Ein anspruchsvolles Sonderthema in jedem Carve-Out ist die Erstellung der Eröffnungsbilanz und die „Purchase Price Allocation“, also die Verteilung des Kaufpreises auf die Vermögenswerte. Für ein Bewertungsthema dieser Größenordnung braucht man viel Erfahrung und ein gutes Gespür für die Interessenlagen der Shareholder.
Darüber hinaus musste das ERP-System von jenem des Verkäufers getrennt werden. Hier bestand die Herausforderung darin, dass das dafür nötige Fachwissen im Unternehmen nicht vorhanden war, sondern extern eingekauft werden musste. Ein solches Migrationsprojekt mit seinen zahlreichen Transaktionsprozessen geht ganz tief in den „Maschinenraum“ der IT und ist deshalb überaus erfolgs- und zeitkritisch. Um die ERP-Ablösung zu vollziehen, mussten alle Beteiligten bis kurz vor Jahresende intensiv arbeiten. Pünktlich zum Jahresabschluss waren die Systeme getrennt und so konnten die Gesellschaften den Jahresabschluss erfolgreich durchführen. Ausschlaggebend für diesen Erfolg war die reibungslose Kommunikation im internationalen Projektteam. Für mich als Interim Manager und Führungskraft war es zudem sehr wichtig, dass ich auf ein zuverlässiges Netzwerk u.a. bei der taskforce zurückgreifen konnte.
Anfang 2020 kam dann die Corona-Pandemie, die auch in Deinem Mandat zu einem Shut-Down führte. Welche Aufgaben waren für Euch prioritär?
Wie in den meisten anderen internationalen Unternehmensgruppen wurden im Rahmen der Covid-19-Krise auch hier Werke geschlossen. Um auf die beginnenden und zu erwartenden Umsatzeinbrüche jederzeit reagieren zu können, haben wir ein Kostensenkungsprogramm aufgesetzt und führten ein 13-Wochen Cash-Reporting inklusive täglichem Umsatzreporting ein. Alle diesbezüglichen Entscheidungen wurden in einem Krisenstab unter Leitung des CEO's getroffen.
Die Arbeit hat sich für viele Führungskräfte und Mitarbeiter ins Home-Office verlagert. Wie ist Deine Erfahrung damit und welche Rolle wird diese Form der digitalen Zusammenarbeit zukünftig haben?

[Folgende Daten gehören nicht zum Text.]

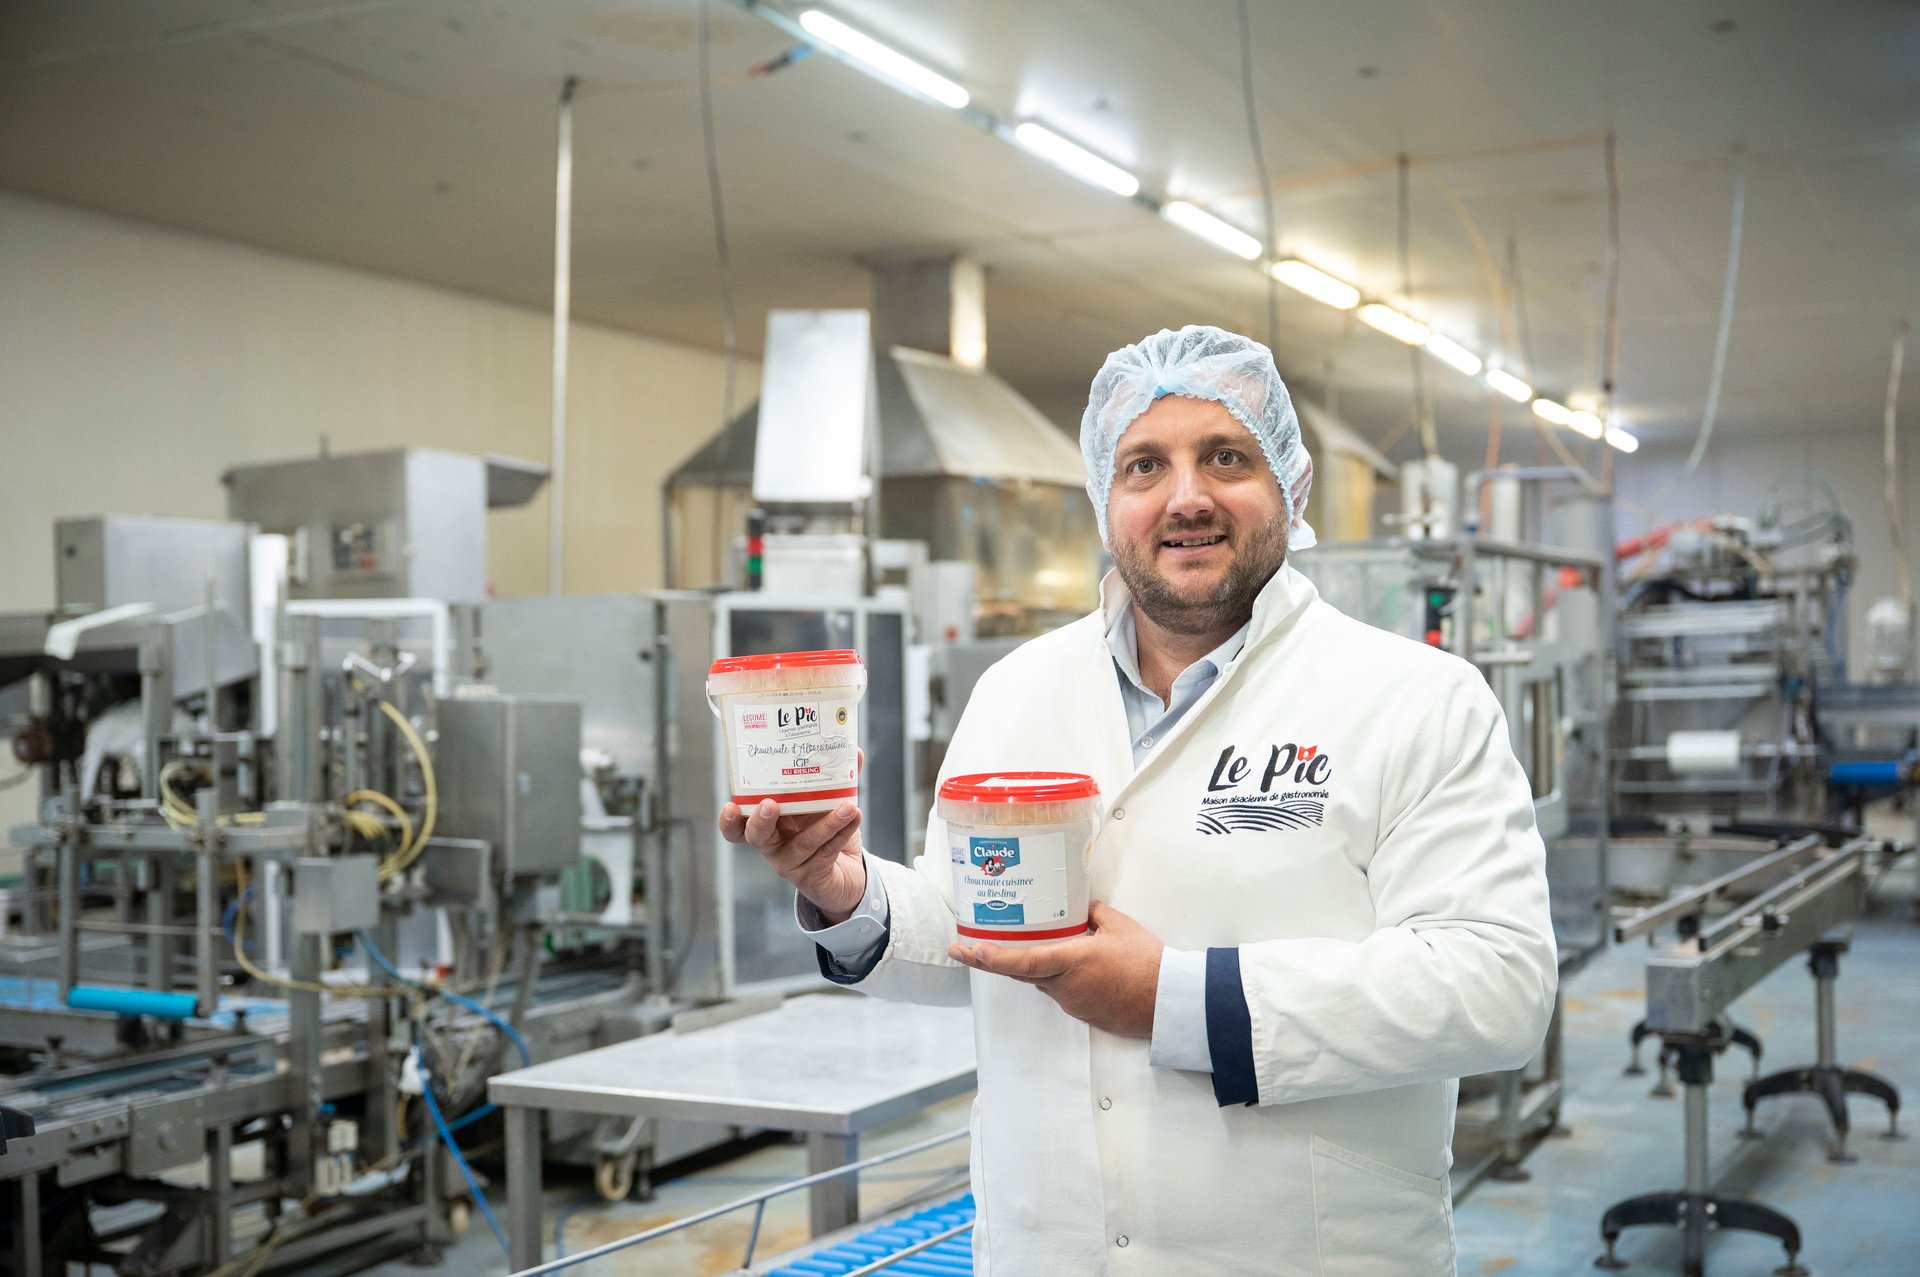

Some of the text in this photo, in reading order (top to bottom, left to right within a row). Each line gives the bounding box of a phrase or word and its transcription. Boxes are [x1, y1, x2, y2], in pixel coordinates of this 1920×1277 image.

[778, 706, 817, 728] Le Pic
[793, 758, 809, 768] IGP
[1207, 742, 1332, 793] Le Pic
[1201, 789, 1330, 805] Maison alsacienne de gastronomie
[973, 846, 1016, 858] Claude
[964, 875, 1001, 886] Choucroute
[986, 889, 1017, 899] Riesling

Die Unternehmensgruppe ist schon immer weltweit tätig. Deshalb sind es die Mitarbeiter hier gewohnt, digital miteinander zu arbeiten. Home-Office und Videoconferencing sind für sie nichts Neues und werden schon seit langem täglich genutzt. Natürlich hat der Koordinationsbedarf im Rahmen der Corona-Krise noch einmal zugenommen. Die Tools waren aber vorhanden und die Mitarbeiter kannten sich bestens damit aus. Und was die allgemeine Entwicklung anbetrifft, so erscheint es mir ziemlich wahrscheinlich, dass digitale Formen der Zusammenarbeit eine zunehmend größere Rolle spielen werden.
Die Krise wird irgendwann ein Ende haben. Erwartest Du in der Post-Corona-Phase für die Unternehmensgruppe besondere Schwierigkeiten?

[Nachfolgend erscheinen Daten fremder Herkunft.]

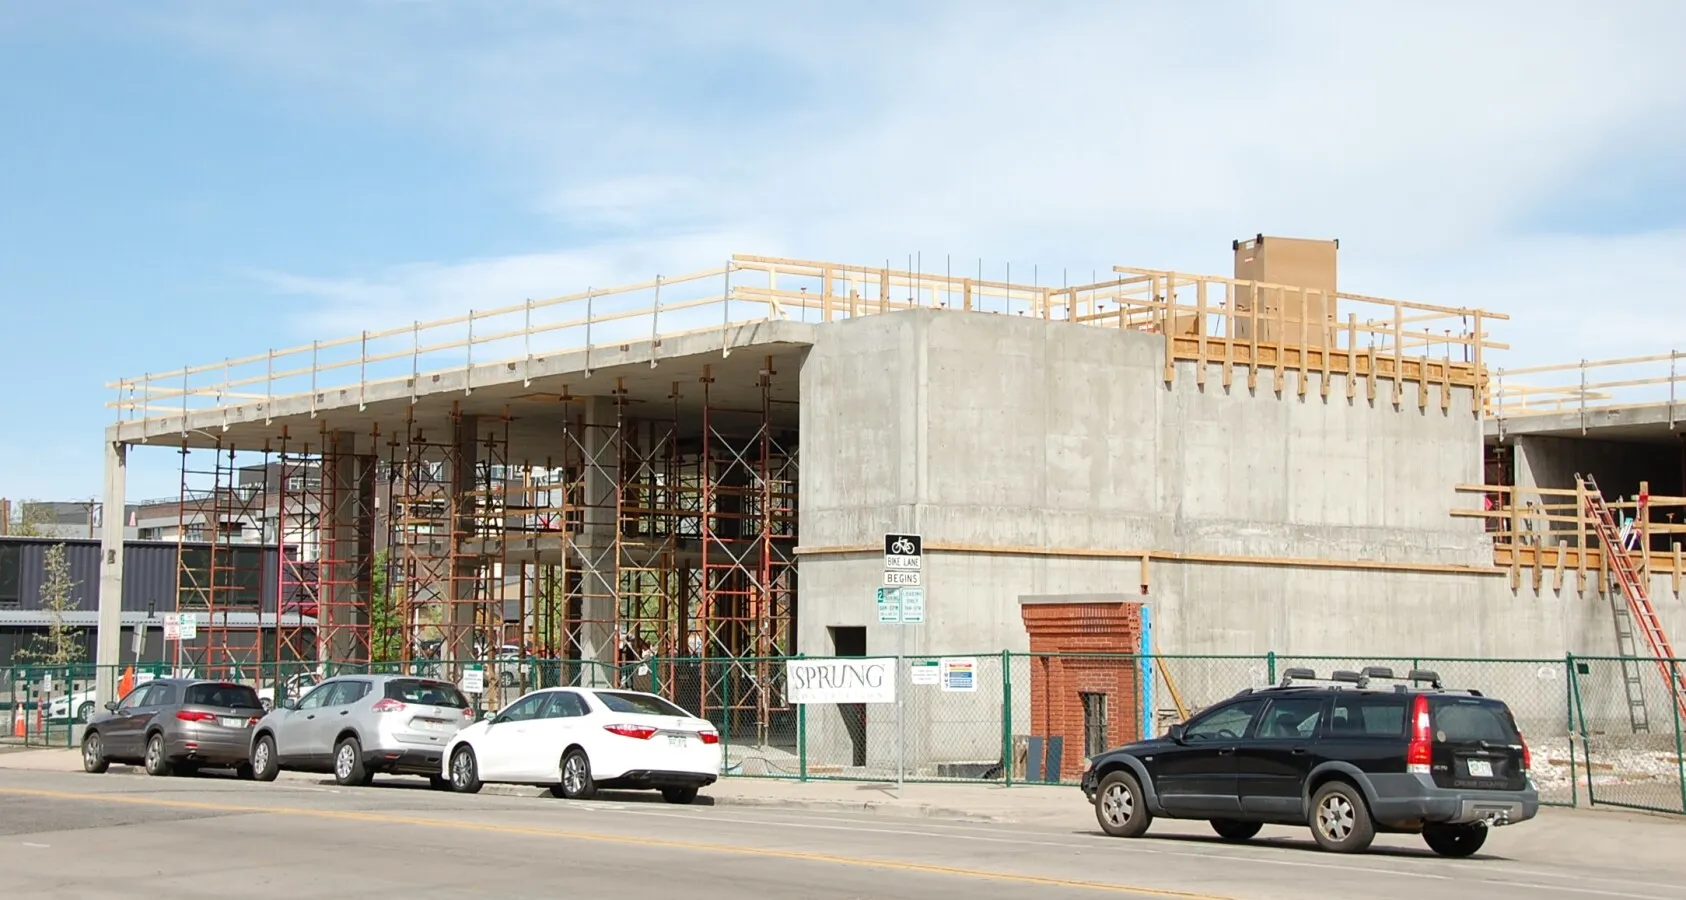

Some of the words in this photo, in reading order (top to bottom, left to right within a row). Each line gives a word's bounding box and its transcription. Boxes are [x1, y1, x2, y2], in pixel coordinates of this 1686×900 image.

[887, 557, 901, 566] BIKE
[903, 557, 919, 567] LANE
[887, 573, 918, 583] BEGINS
[795, 664, 886, 690] SPRUNG

Nein, zwischenzeitlich arbeiten fast alle Werke der Gruppe wieder, wenn auch natürlich in einem geringeren Umfang als in der Vor-Corona-Zeit. Aber die Werke dann wieder mit regulärer Auslastung zu betreiben, wird sicher keine große Herausforderung sein.
Eine wichtige Aufgabe von Interim Managern ist es oft auch, die Aufgaben an einen festangestellten Manager zu übergeben. Wie war das bei Dir?
Tatsächlich wurde zwischenzeitlich eine Nachfolgerin gefunden und in Festanstellung eingestellt. In den letzten Wochen des Mandats wurde sie von mir in intensivem Austausch eingearbeitet und auf alle wichtigen Themen vorbereitet. Die Kontinuität der geleisteten Arbeit ist damit gesichert und ich konnte das Mandat mit einem guten Gefühl beenden.
Herzlichen Dank, Michael, für die Einblicke in dieses spannende Mandat.